[Opening Given information section]

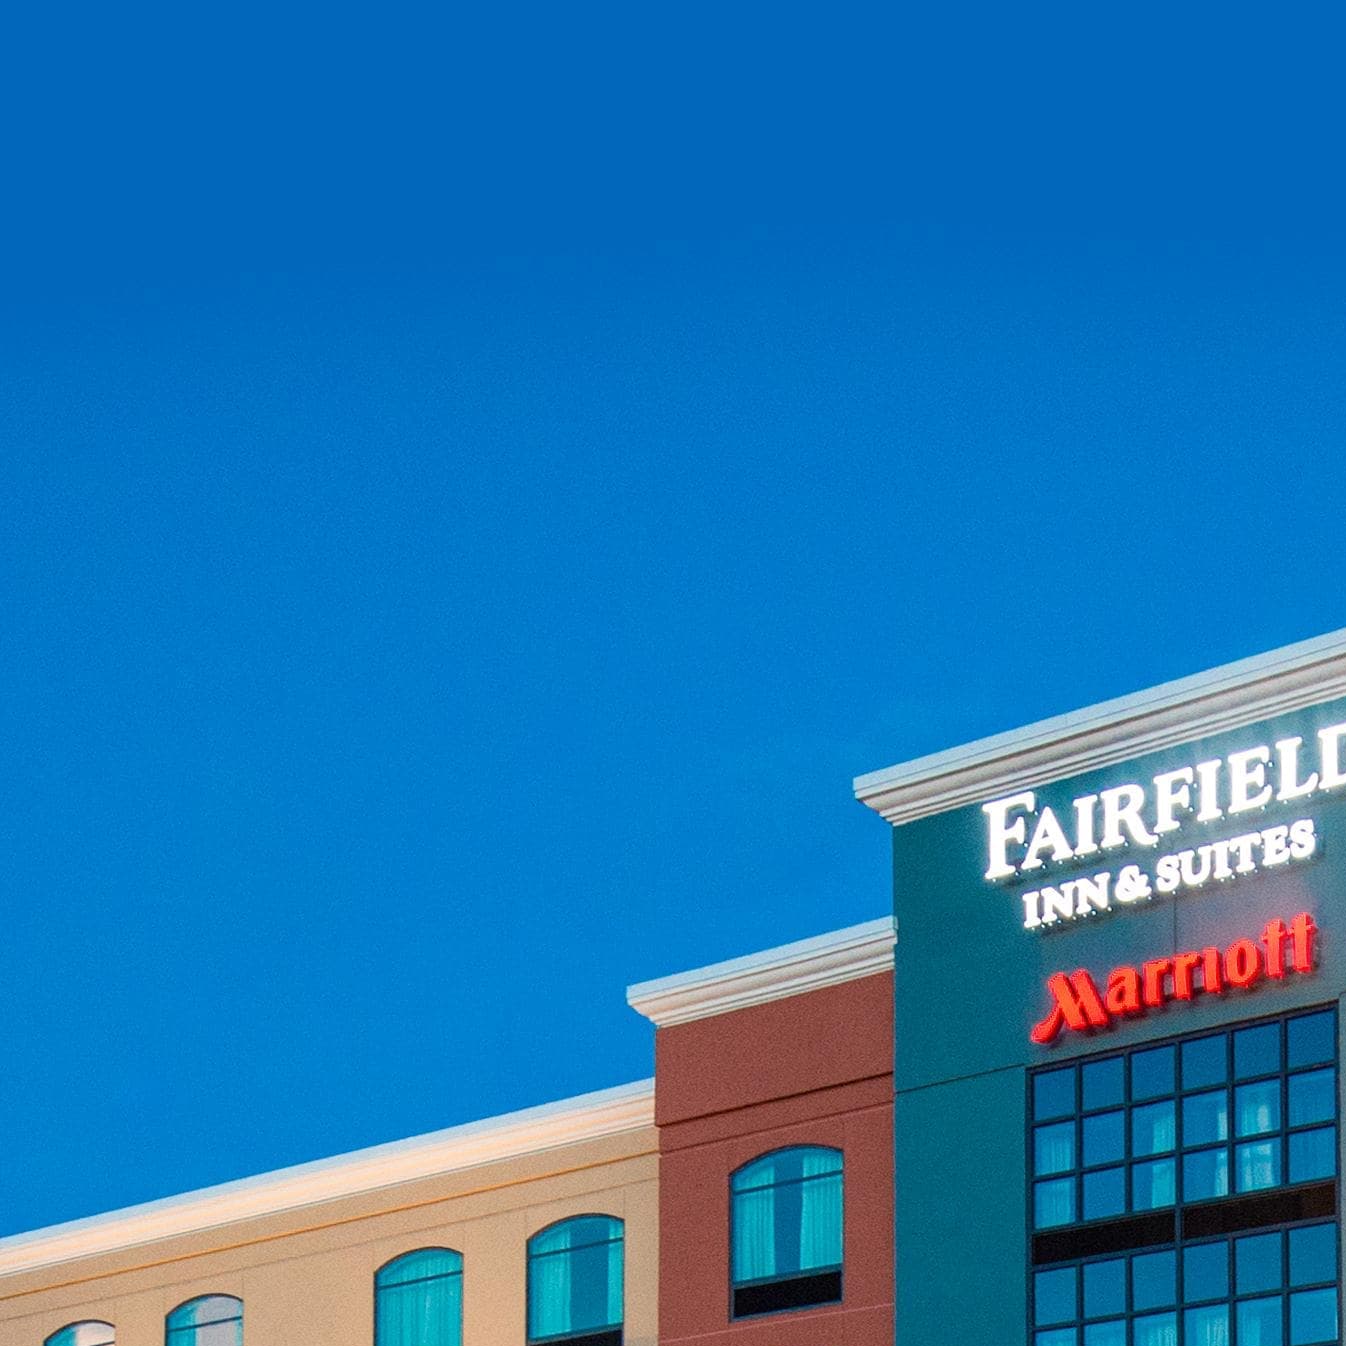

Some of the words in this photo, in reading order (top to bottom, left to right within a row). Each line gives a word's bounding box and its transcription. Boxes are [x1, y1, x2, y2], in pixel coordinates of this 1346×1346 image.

[1022, 871, 1111, 929] INN
[1114, 864, 1152, 902] &
[1155, 819, 1317, 893] SUITES
[1030, 912, 1318, 1044] Marriott

[Closing Given information section]

All the data above is to be transcribed exactly, with no pictures included.

■ Result:
Some of the words in this photo, in reading order (top to bottom, left to right within a row). Each line gives a word's bounding box and its transcription. Boxes are [x1, y1, x2, y2], in pixel coordinates of this 1346×1346 image.

[1022, 871, 1111, 929] INN
[1114, 864, 1152, 902] &
[1155, 819, 1317, 893] SUITES
[1030, 912, 1318, 1044] Marriott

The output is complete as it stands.